LOUISVILLE, Ky. (WDRB) – Imagine if Rashad McCants had been one of John Calipari's former players.

No need to give you a name. Just pick anybody who played for Cal, any player whose reputation for academic heavy lifting wasn't the greatest at Kentucky, Memphis or Massachusetts. You would have heard non-stop clucking from here to the Smith Center.

Or what if McCants had played at the University of Louisville?

A modern-day version of the late Tom Brookshier would have delivered a three-day rant on the team's collective IQ and graduation rate. Most of America, led by the folks who insisted U of L lacked the academic chops to join the Atlantic Coast Conference, would have nodded.

Don't forget Indiana. Kelvin Sampson recruited a string of chowder-heads during his two-season reign in Bloomington. McCants would have fit in with those misfits – and the wise guys would have chirped to add another year to the Hoosiers' NCAA probation.

But Rashad McCants played at The University of North Carolina, the program with the reputation for pumping out doctors, lawyers and conference commissioners.

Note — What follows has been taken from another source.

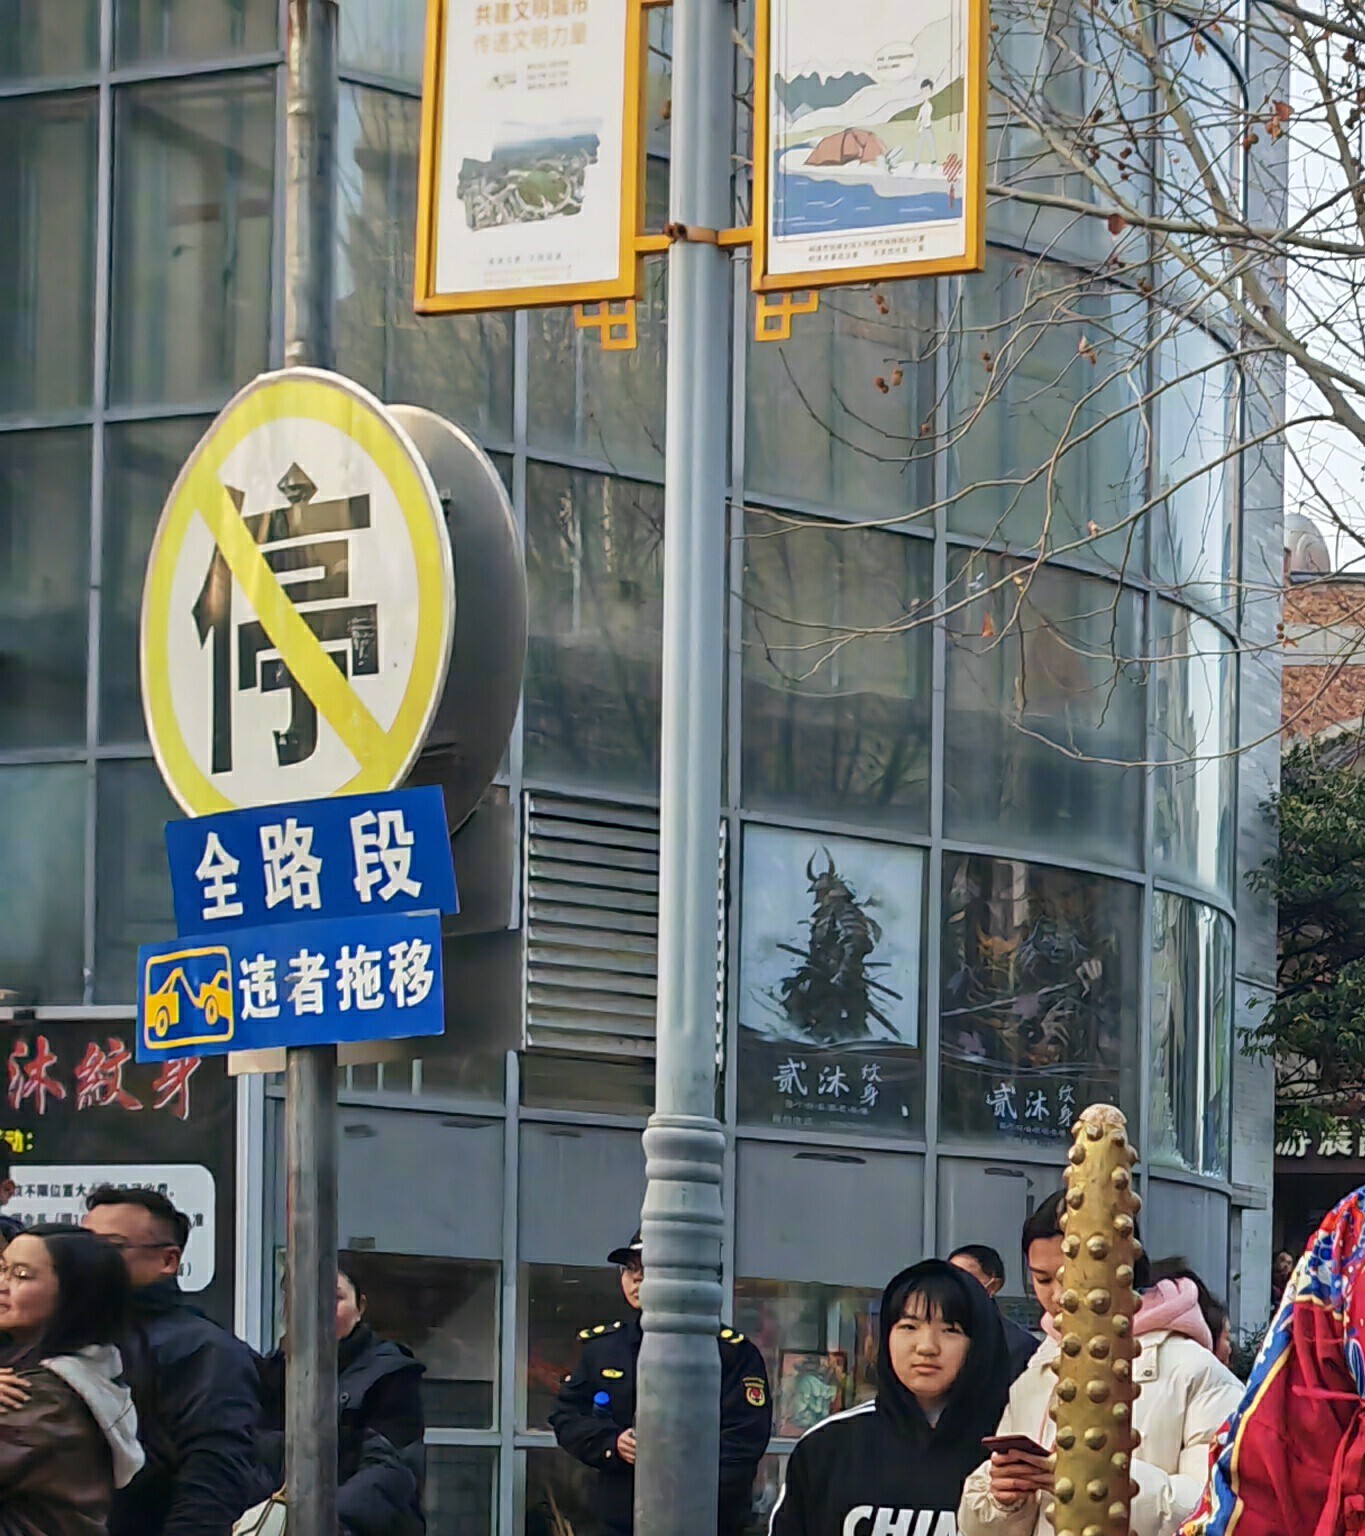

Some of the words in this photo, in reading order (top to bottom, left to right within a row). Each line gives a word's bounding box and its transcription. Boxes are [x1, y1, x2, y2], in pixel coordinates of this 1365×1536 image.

[192, 462, 379, 775] 停
[195, 809, 422, 920] 全路段
[238, 938, 434, 1020] 违者拖移

McCants won a national championship in St. Louis in 2005, during a Final Four that also included U of L.

North Carolina is a program that has demanded genuine genuflecting in college basketball. It's the home of Dean Smith, Michael Jordan and Tyler Hansbrough. It's recommended that you bring a GPA of 3.7 as well as an ACT of 28 or better for admission.

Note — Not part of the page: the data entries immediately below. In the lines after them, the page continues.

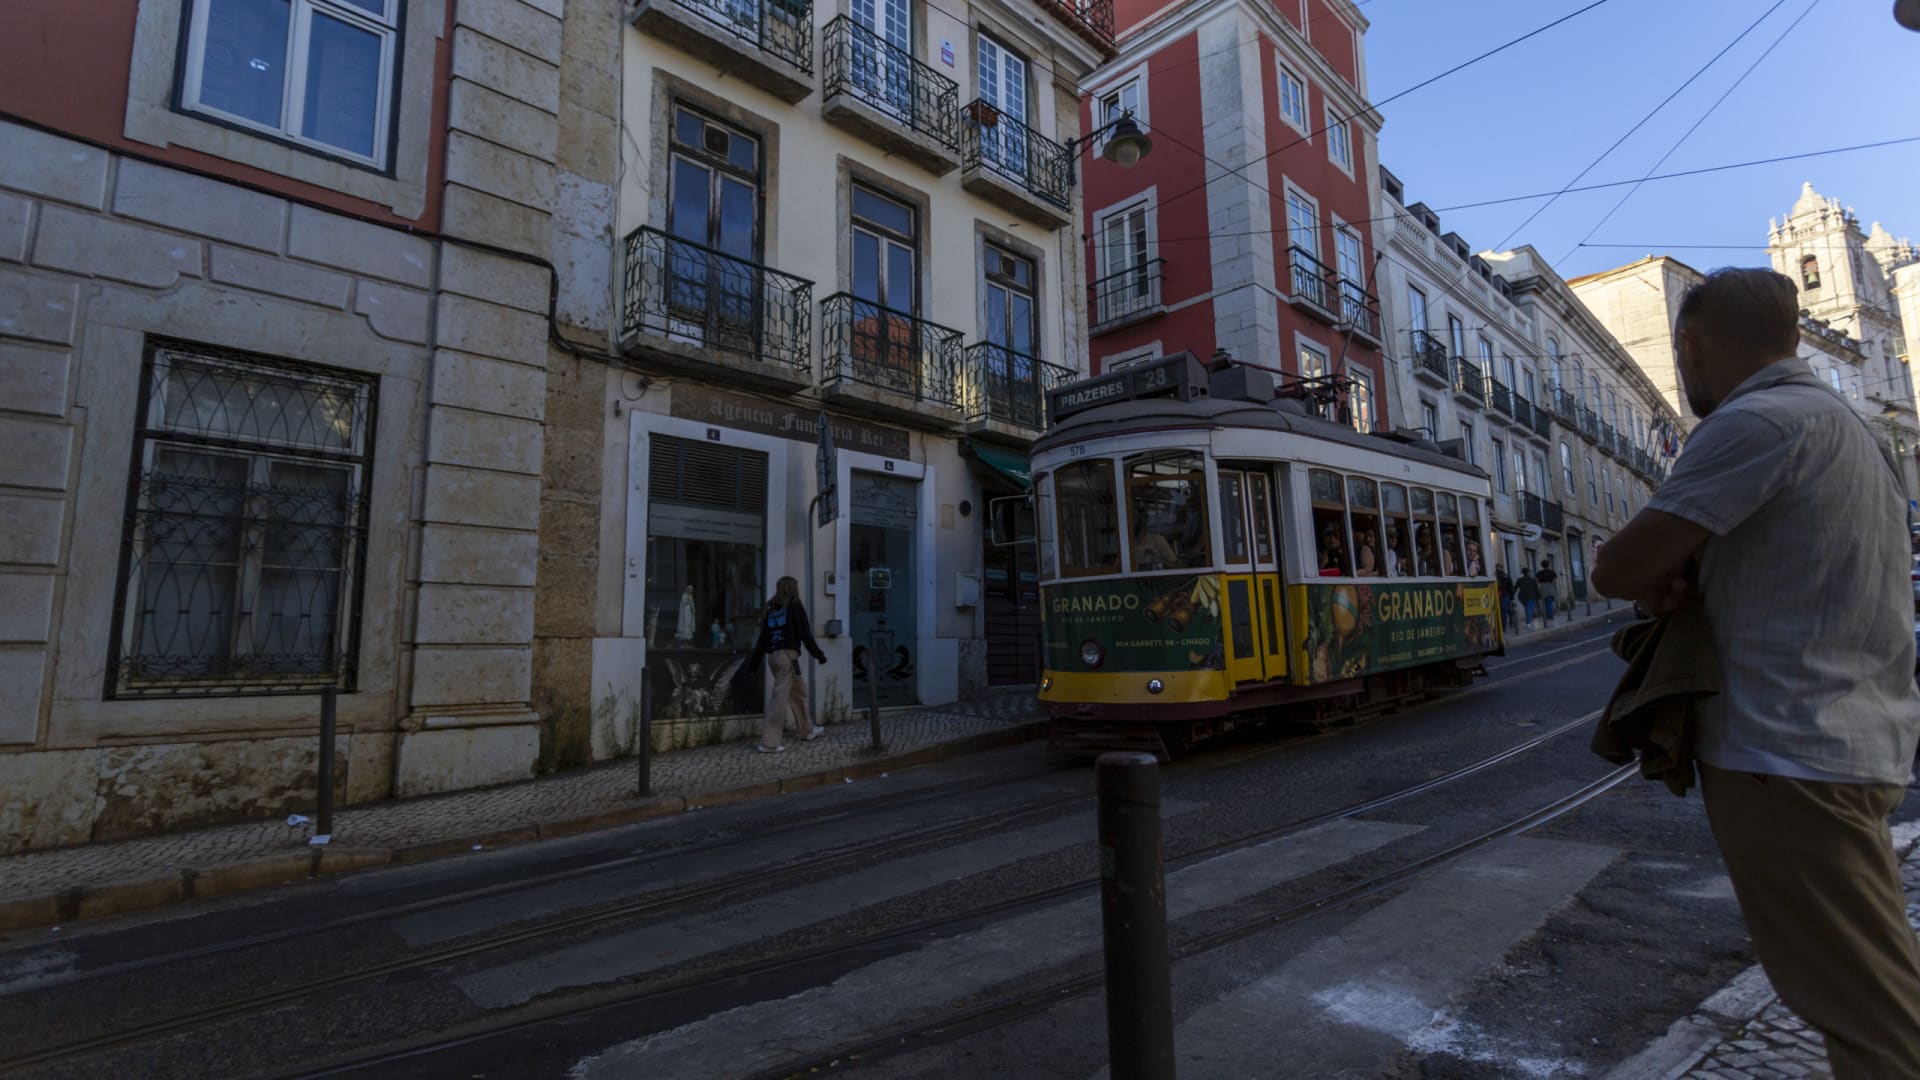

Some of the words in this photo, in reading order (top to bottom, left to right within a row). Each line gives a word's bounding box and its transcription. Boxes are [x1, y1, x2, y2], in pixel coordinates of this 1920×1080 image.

[1060, 381, 1125, 409] PRAZERES
[1144, 367, 1167, 389] 28
[708, 396, 774, 425] Agência
[860, 427, 884, 447] Rei
[1070, 445, 1086, 457] 578
[1052, 593, 1140, 613] GRANADO
[1378, 589, 1455, 622] GRANADO
[1085, 615, 1125, 624] JANEIRO
[1181, 637, 1210, 646] CHIADO
[1391, 631, 1404, 642] RIO
[1406, 629, 1416, 640] DE
[1418, 625, 1445, 639] JANEIRO

You need legit academic credentials to get in – and then get through – Chapel Hill. Misfits need not apply.

Except for several years we've been learning that North Carolina isn't different from other schools obsessed with winning, which is essentially anybody else.

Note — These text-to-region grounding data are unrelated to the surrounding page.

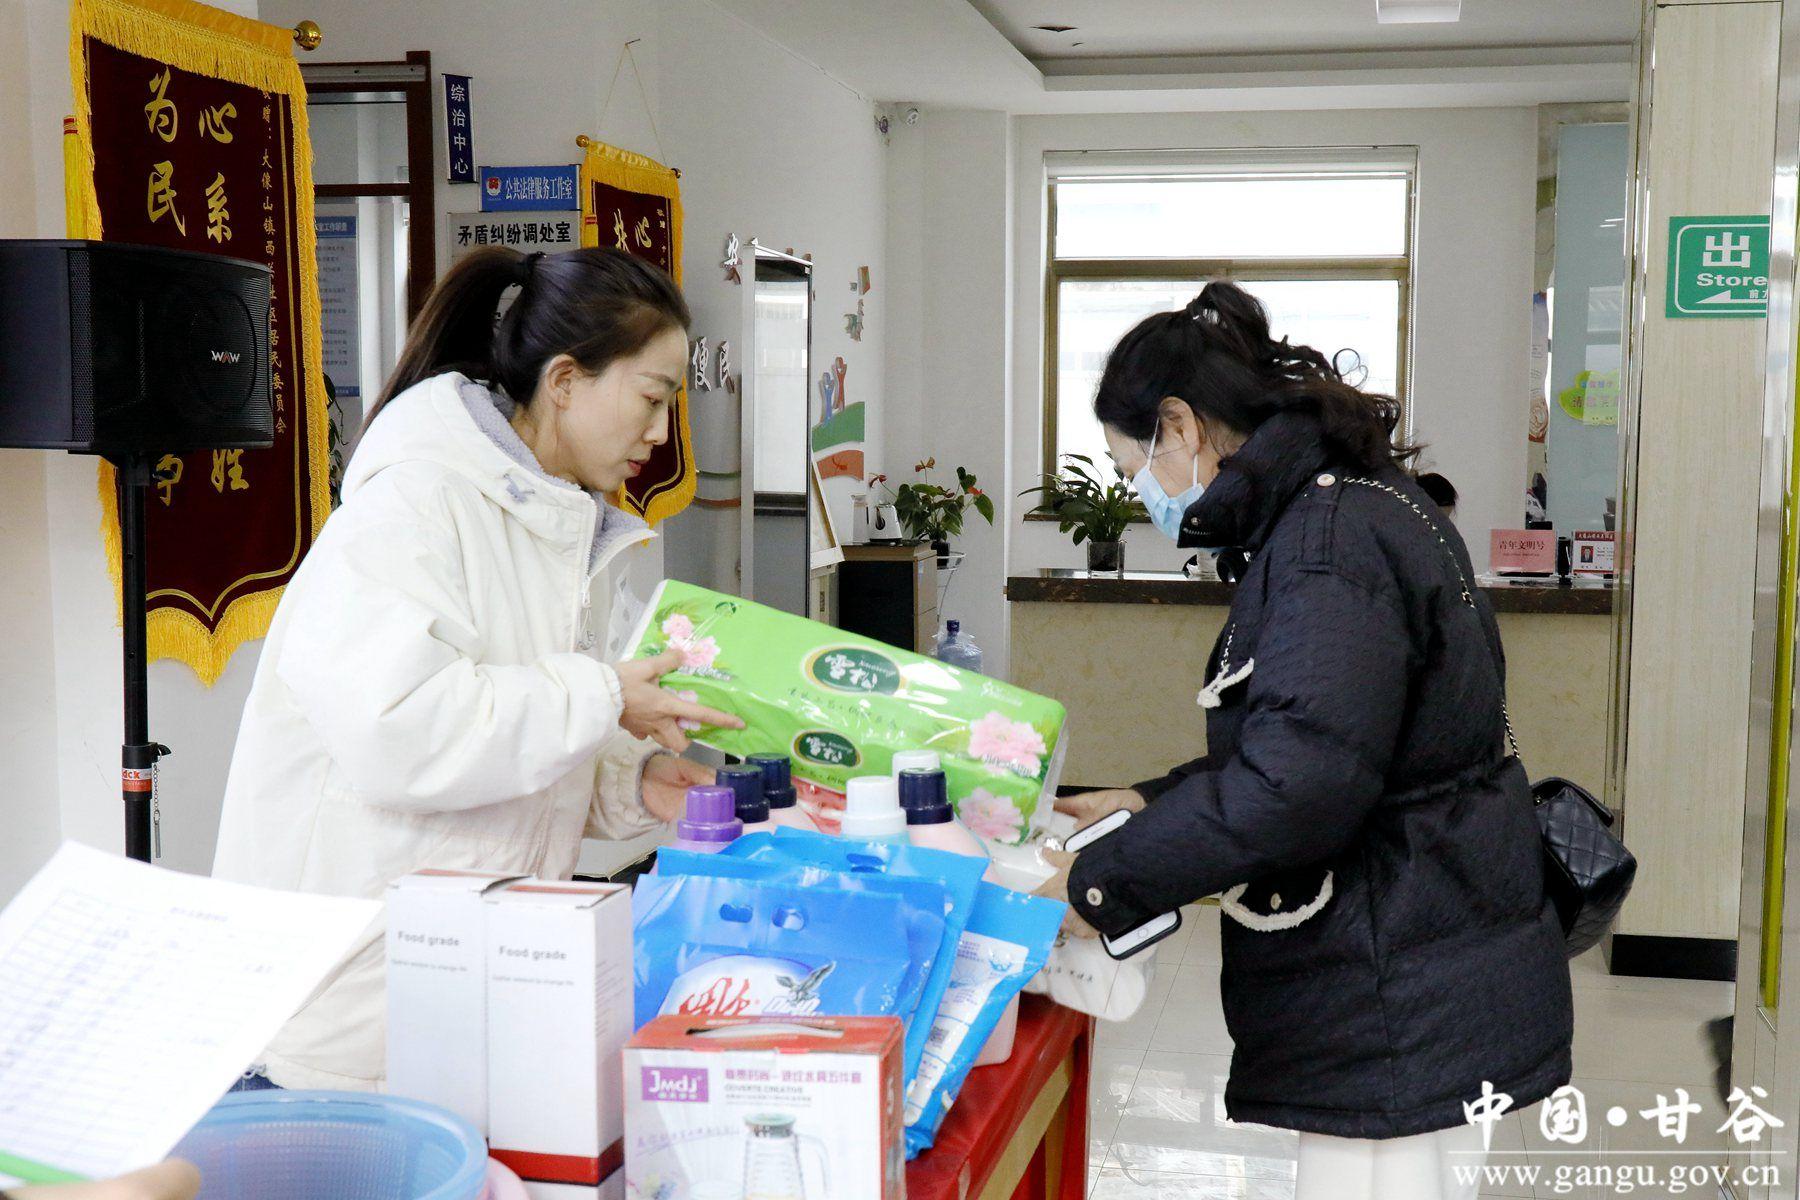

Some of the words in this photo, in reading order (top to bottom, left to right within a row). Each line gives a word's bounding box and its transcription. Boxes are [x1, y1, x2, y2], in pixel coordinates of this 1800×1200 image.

[450, 83, 469, 174] 综治中心
[505, 176, 573, 200] 公共法律服务工作室
[458, 221, 571, 246] 矛盾纠纷调处室
[1703, 231, 1751, 268] 出
[1696, 273, 1768, 287] Store
[398, 930, 425, 943] Food
[427, 934, 460, 947] grade
[498, 945, 529, 958] Food
[532, 949, 567, 962] grade

Tales of bogus classes, inflated grades and charades surrounding classroom attendance, especially for courses in UNC's Afro-American studies department have been outlined in multiple news reports.

The NCAA has shown minimal interest in discovering what really went on in Chapel Hill. The Raleigh News and Observer has done most of the heavy lifting.

An assistant football coach (John Blake) and several players were tossed into the discard pile because of their dealings with player-agents. Butch Davis, the head football coach, also had to go.

But that was North Carolina football – and you don't have to be Mike Krzyzewski to know that North Carolina football is not North Carolina basketball.

North Carolina basketball wins national championships, two in the last 10 seasons. North Carolina recruits McDonald's all-Americans. North Carolina has developed – and promoted – a reputation as a school that does everything the right way.

Enter Rashad McCants.

He averaged 16 points and three rebounds for the Tar Heels' 2005 NCAA champions. He scored 31 points during UNC's Final Four victories against Michigan State and Illinois. He was voted to the Final Four All-Tournament team with teammates Sean May and Raymond Felton. He was an in-state kid who was supposed to be the Next Great Thing.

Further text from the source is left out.